9. In addition to invoking this "objectively baseless" test from PREI, the plaintiffs also urge us to apply the test from California Motor Transport Co. v. Trucking Unlimited, 404 U.S. 508, 92 S.Ct. 609, 30 L.Ed.2d 642 (1972), which they argue is a different test that applies to allegations that a pattern of petitioning activity, as opposed to a single petition, was a "sham." The plaintiffs contend that this case involves such a pattern because their complaint alleges that Novartis sued not only Sun Pharma but also other generic manufacturers that had filed ANDAs for generic versions of Gleevec. However, the plaintiffs concede in their reply brief that "Novartis rightly points out that the end payers did not argue below that California Motor should apply." And, contrary to their assertion otherwise, our recent decision in Puerto Rico Telephone Co. v. San Juan Cable LLC, 874 F.3d 767 (1st Cir. 2017), does not excuse the forfeiture of that argument, which was no less available to them to make before that decision.

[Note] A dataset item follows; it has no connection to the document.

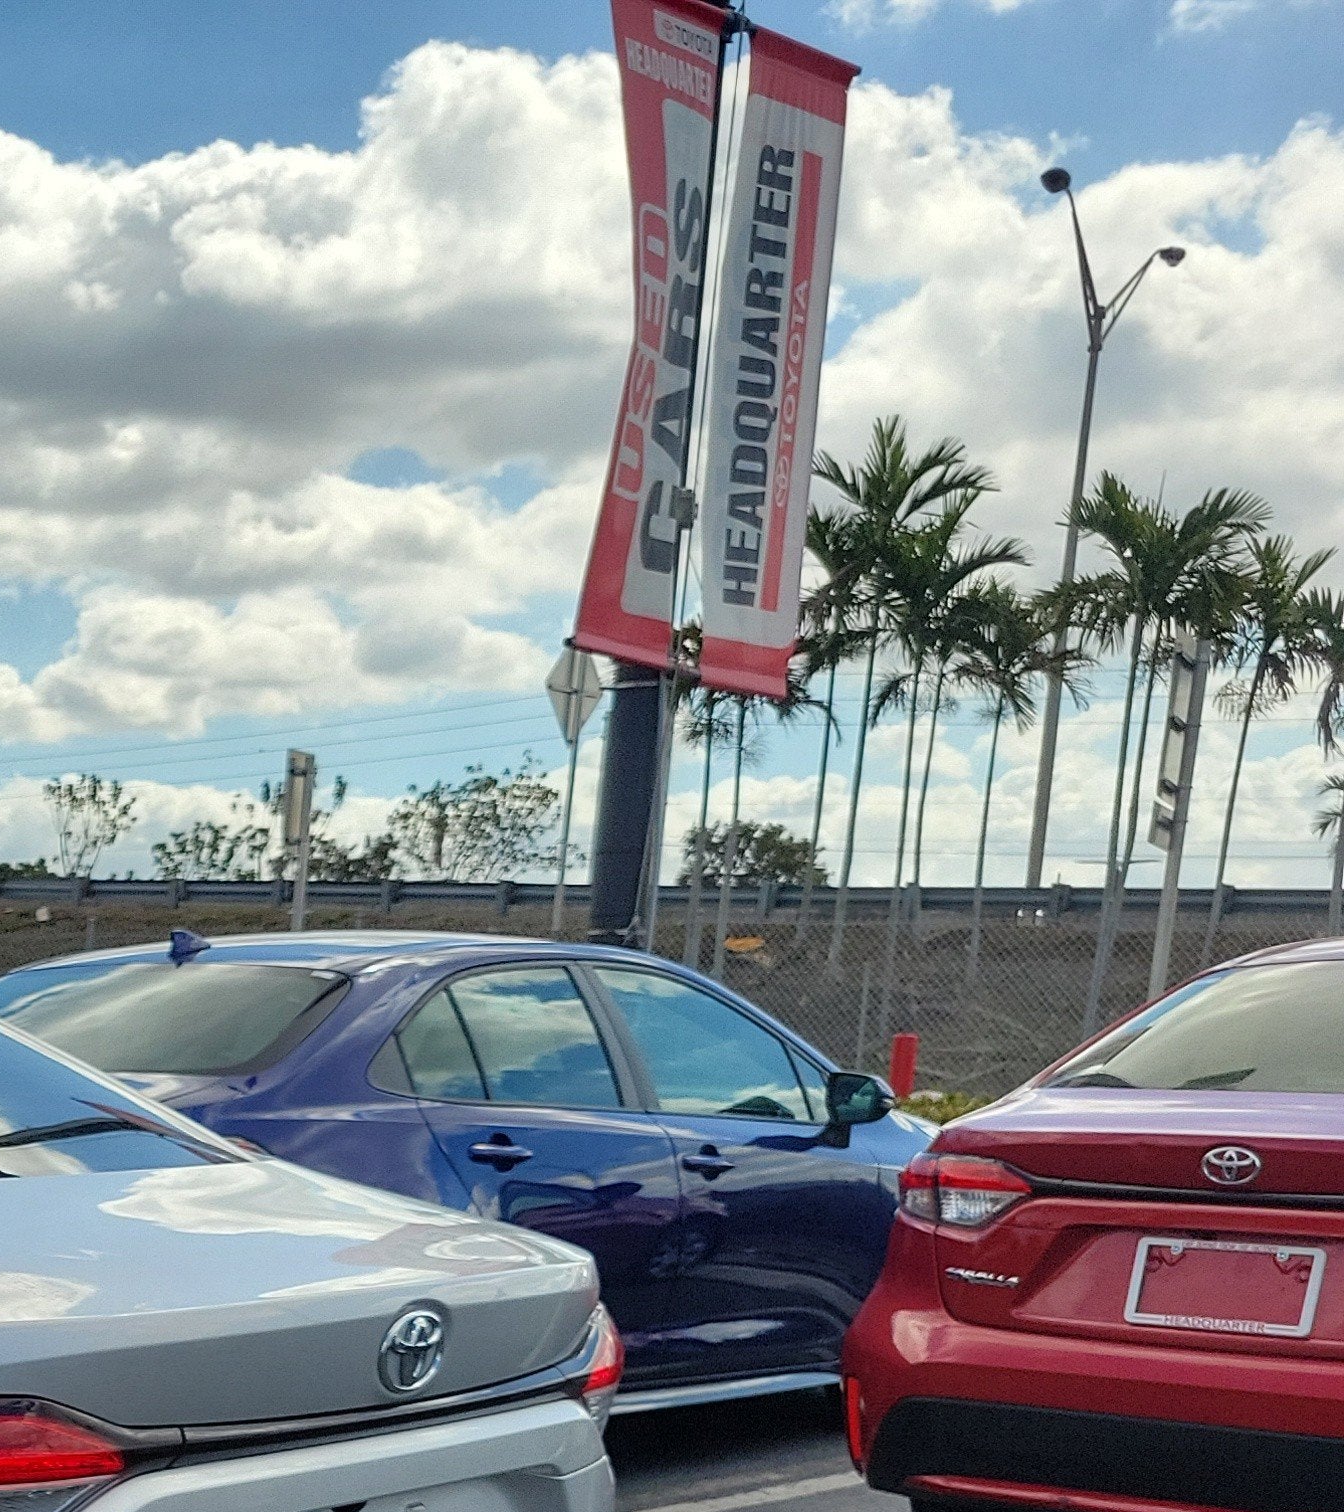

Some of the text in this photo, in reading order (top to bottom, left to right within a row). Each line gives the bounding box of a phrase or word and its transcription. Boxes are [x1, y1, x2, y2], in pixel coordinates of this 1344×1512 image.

10. The plaintiffs do point to the Supreme Court of India's 2013 decision not to issue what they describe as Novartis's "Indian equivalent" of Patent '051. But, this effort fails. As indicated by a copy of that decision in the record, the India Supreme Court was applying a different patentability standard than under United States law. As the court explained there, under Indian law, "the mere discovery of a new form of a known substance" is not a "new product" "unless they differ significantly in properties with regard to efficacy." By contrast, under our law, a patent may be obtained so long as the differences between the claimed invention and the prior art were not so minimal that the invention was "obvious ... to a person having ordinary skill in the art to which the claimed invention pertains." 35 U.S.C. § 103.